There is no denying that the springtime is usually a hot season for house hunting. With that being said, you’ve probably been planning the home buying process for quite some time now.
Fast forward to the exciting part of finally being able to search for your dream home, except now, social distancing and shelter in place orders are the new normal. However, this should not foil your plans. There are still alternatives to house hunting in these uncertain times.
Step one: the listing
An online listing of a home can only show so much. Your agent should be able to dissect a listing for you, but here are a few red flags you should look out for:
- The number of exterior photos outweigh the number of interior photos. This could mean that the inside of the home may need some work.
- Not always, but closed curtains and blinds could be concealing a less than attractive view.
- If the bathroom photos do not show the bathroom as a whole and only isolated parts of the bathroom, (i.e. just the sink or shower) they may be hiding a cramped or small bathroom.
- If the photos are obviously stretched out, the seller is probably trying to make the home appear larger than it is.
- Watch out for terms such as “cozy and “quaint”. This usually means the home is smaller than the seller would like to admit.
Step two: virtual tours
Now comes the fun part, touring the home! You may think that you won’t be able to get the same impact from touring the home virtually, but you would be surprised. Technology has come a long way and there are many options available that are considered the next best thing.
Many agents are utilizing Facetime calls to show their customers a property. This is a great option because they can get real time answers from their agent while they are physically at the home. The agent can even provide close ups of some of the home features a prerecorded video or virtual tour may not include.
Another option to view a home virtually would be to check if the listing offers a 3D tour. For example, S&D Real Estate Services uses Matterport technology where you can virtually walk through the home on your computer or phone. This provides all angles of the home from ceiling to floor and can even show you the measurements of the rooms.
Step three: disclosures
So now you’ve found a home you can picture your family in. This is the step in the home buying process where you should ask to read the seller’s disclosure.

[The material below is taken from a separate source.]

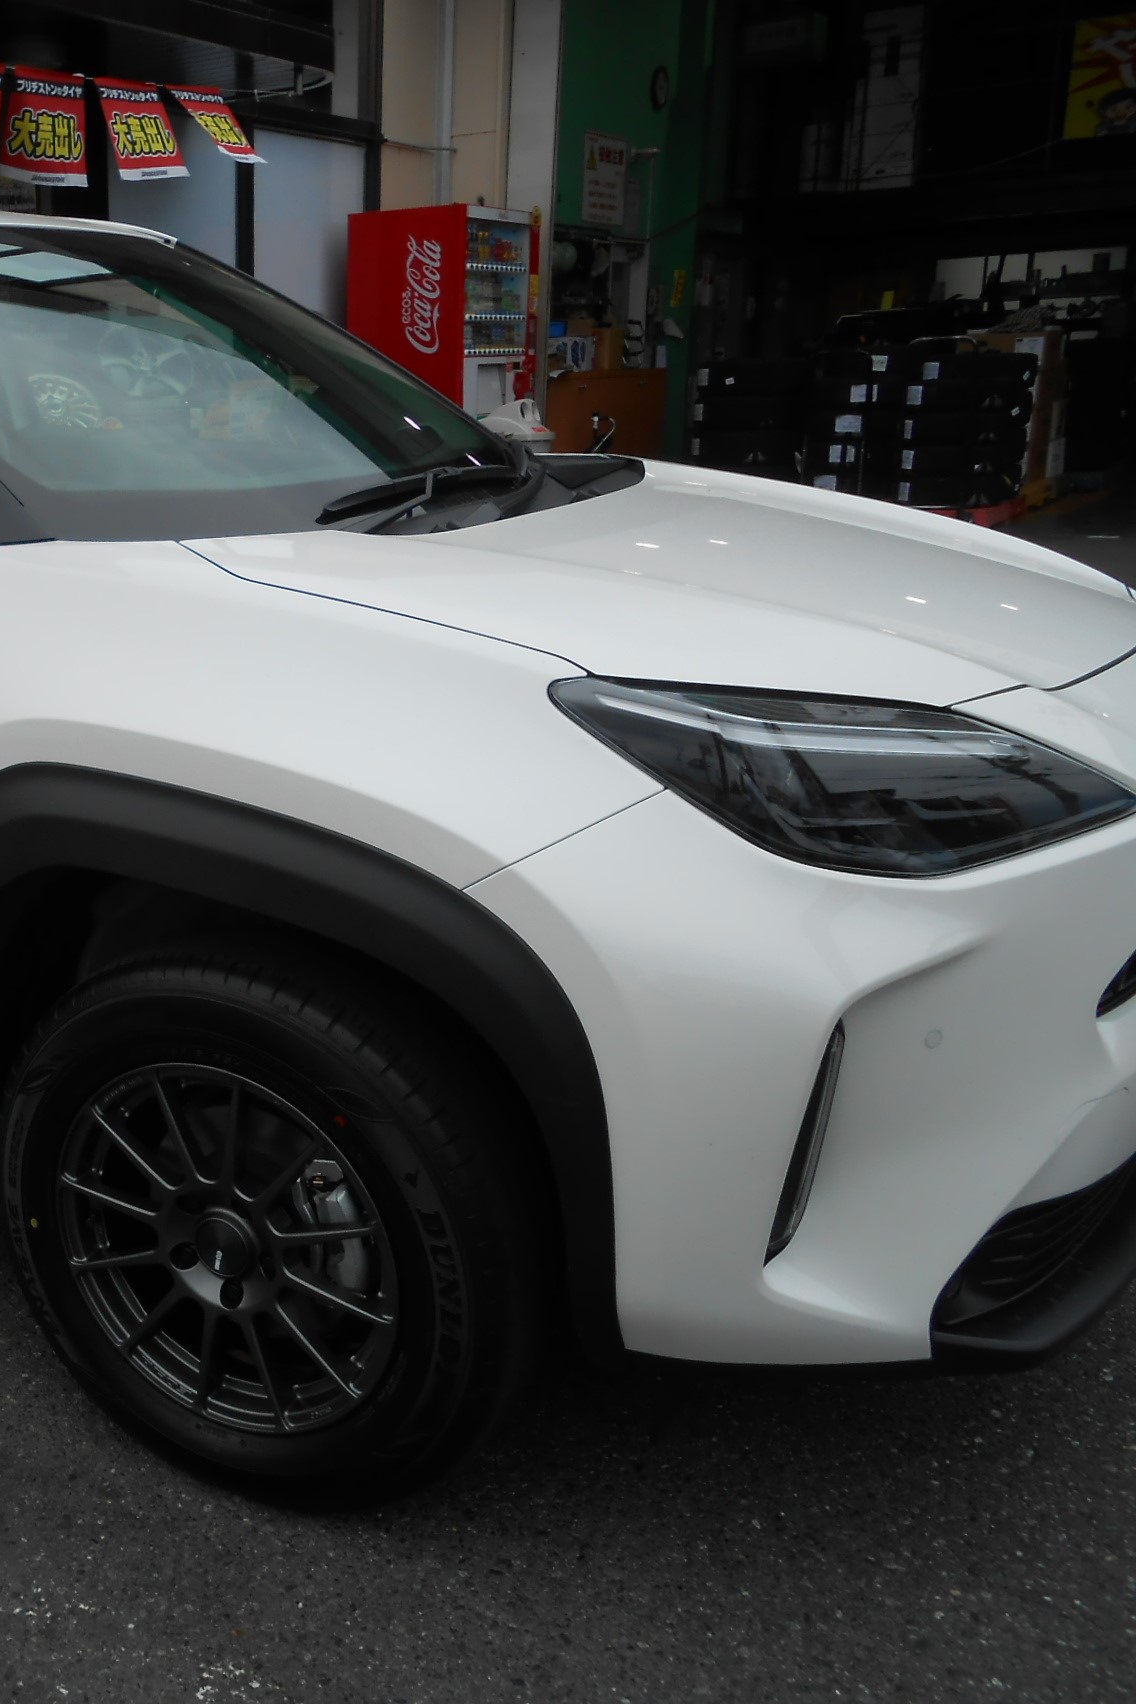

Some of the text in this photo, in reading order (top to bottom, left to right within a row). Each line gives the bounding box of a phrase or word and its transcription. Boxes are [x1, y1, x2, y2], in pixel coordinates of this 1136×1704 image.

Here, you will find any known issues and problems with the home that the seller is legally supposed to disclose. This will also include the age of various structures and features.
Some issues may be small enough to work into the final agreement, but some problems such as a roof needing to be replaced may have you thinking twice.
Step four: the final step
After ruling out any possible downsides, you are probably itching to see this home in person. Make sure that you are absolutely positive this could be the one, because there is some risk involved in viewing a property in person.
Some cities and states may even prohibit you from conducting an in-person home tour. Furthermore, a seller can also decide if they choose to have others entering their home or not.
If these situations do not apply to the home you wish to view, then remember to follow the CDC guidelines even before you enter the home. Sanitize before and after entering, wear a mask, gloves, and protective booties, do not touch anything in the home, and stay 6 feet away from all persons.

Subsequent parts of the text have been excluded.